Lo comentado en los párrafos anteriores aplica a casas de cambio como Coinbase, que pueden desbloquear el acceso a las criptomonedas (algunas también permiten designar en vida a un heredero de cara a facilitar el proceso), pero si el fallecido almacenaba las criptomonedas en una cold wallet (un monedero físico), solo el conocimiento de las claves permitirá acceder a su interior.

Un equilibrio entre facilitar el acceso póstumo a los herederos y mantener una fuerte seguridad para evitar robos

En ese caso suele ser recomendable que si alguien está en esa situación incluya una vía de acceso a ellas en su testamento, o confíe las claves a una persona de extrema confianza, valga la redundancia.

Esta parte es espinosa en tanto en cuanto depositar en otra ubicación accesible por un tercero las claves de acceso pueden derivar en un robo de las criptomonedas, así que conviene ser especialmente cuidadoso.

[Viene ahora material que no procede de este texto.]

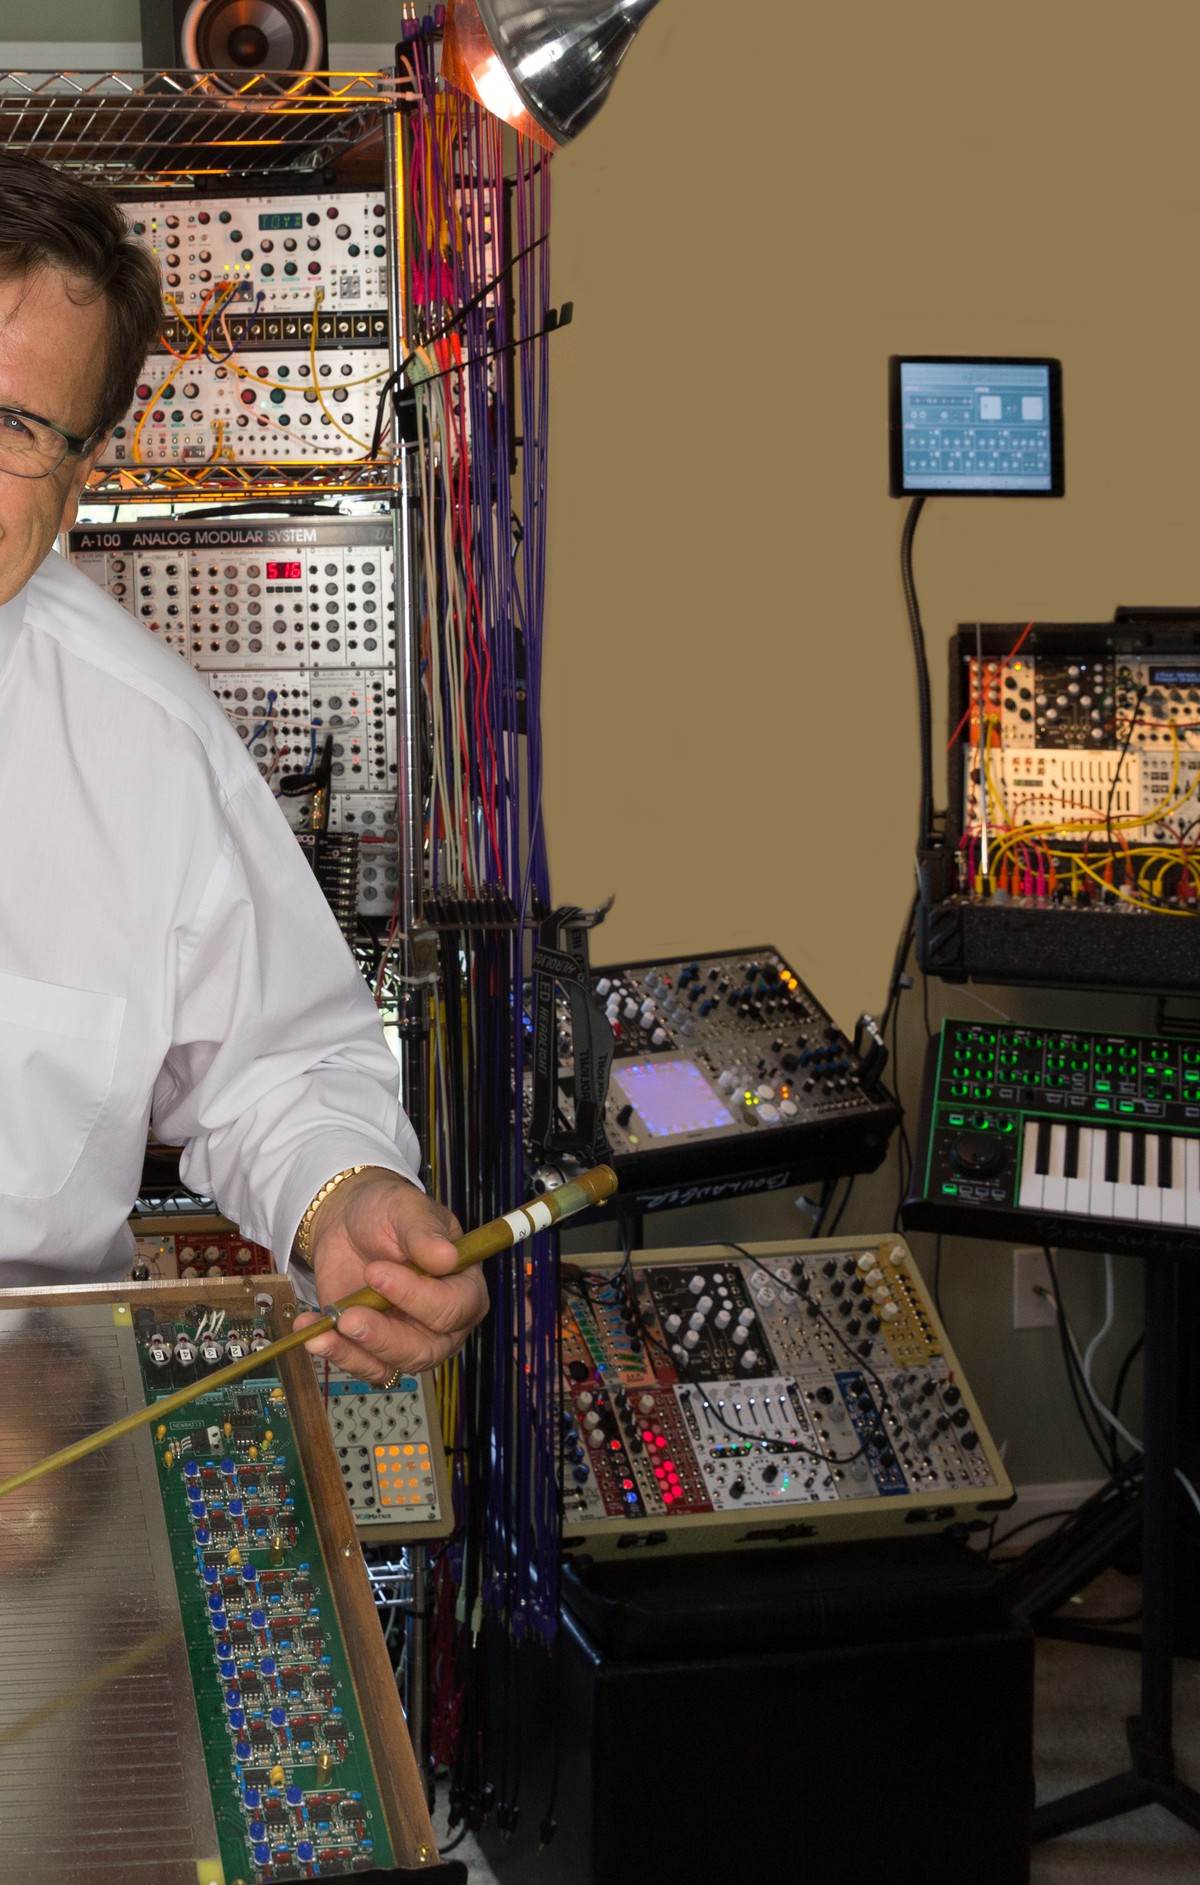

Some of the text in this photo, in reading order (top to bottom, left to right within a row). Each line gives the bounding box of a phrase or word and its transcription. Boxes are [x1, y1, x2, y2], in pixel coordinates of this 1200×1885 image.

Si el fallecido tenía este patrimonio en un monedero físico y no dejó nada previsto en el caso de que muriese de cara a que sus familiares pudieran acceder a las criptomonedas, es altamente improbable que pueda solucionarse de manera póstuma. Una parte de los 4 millones de bitcoins perdidos para siempre que se considera que existen tiene que ver con casos como este. Hodler hasta el final.